In the winter of 1994/5, Sheikh Mohammed transferred Moonshell to his Godolphin Racing team. The filly was removed from Cecil's stable and sent to Dubai, under the care of Hilal Ibrahim. The idea was that the warmer conditions allowed horses to develop more quickly, giving them an advantage in the early part of the European Flat-racing season. where her training was managed first by Hilal Ibrahim. The scheme was in its second year but had proved successful in 1994, when Balanchine was narrowly beaten in the 1000 Guineas before winning the Oaks and the Irish Derby.
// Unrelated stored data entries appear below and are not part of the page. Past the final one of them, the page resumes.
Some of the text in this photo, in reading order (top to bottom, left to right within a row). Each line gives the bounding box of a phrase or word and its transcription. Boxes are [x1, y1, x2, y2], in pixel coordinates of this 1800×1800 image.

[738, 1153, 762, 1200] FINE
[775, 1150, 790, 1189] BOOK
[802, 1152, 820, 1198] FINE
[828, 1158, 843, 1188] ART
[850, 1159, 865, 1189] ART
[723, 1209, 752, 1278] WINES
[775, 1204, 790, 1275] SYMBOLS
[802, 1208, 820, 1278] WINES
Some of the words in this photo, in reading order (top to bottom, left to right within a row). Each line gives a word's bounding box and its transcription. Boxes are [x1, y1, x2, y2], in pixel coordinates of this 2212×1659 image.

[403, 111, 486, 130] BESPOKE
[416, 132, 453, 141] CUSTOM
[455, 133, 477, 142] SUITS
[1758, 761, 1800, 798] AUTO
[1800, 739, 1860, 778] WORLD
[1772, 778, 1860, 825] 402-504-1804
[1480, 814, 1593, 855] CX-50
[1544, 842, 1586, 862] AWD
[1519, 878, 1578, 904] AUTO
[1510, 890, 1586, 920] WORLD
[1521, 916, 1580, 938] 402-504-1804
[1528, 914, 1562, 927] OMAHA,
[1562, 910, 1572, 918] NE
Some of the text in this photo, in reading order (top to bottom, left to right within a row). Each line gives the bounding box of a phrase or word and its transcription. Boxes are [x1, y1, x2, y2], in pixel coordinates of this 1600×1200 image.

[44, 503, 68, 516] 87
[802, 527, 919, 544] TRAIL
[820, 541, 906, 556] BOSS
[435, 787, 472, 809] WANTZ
===1995: three-year-old season===
In the spring of 1995, the Godolphin horses returned to the organisation's British base at Newmarket, and her training was taken over by Saeed Bin Suroor. Like Balanchine a year earlier, Moonshell was sent straight for the 1000 Guineas without a trial race. She started joint second favourite at odds of 5/1, with her main opposition looking to come from Aqaarid (3/1) and Harayir (5/1), two fillies owned by Sheikh Mohammed's older brother Hamdan Al Maktoum. Ridden by Frankie Dettori Moonshell raced just behind the leaders and stayed on well in the closing stages to finish third to Harayir and Aqaarid, beaten just over two lengths.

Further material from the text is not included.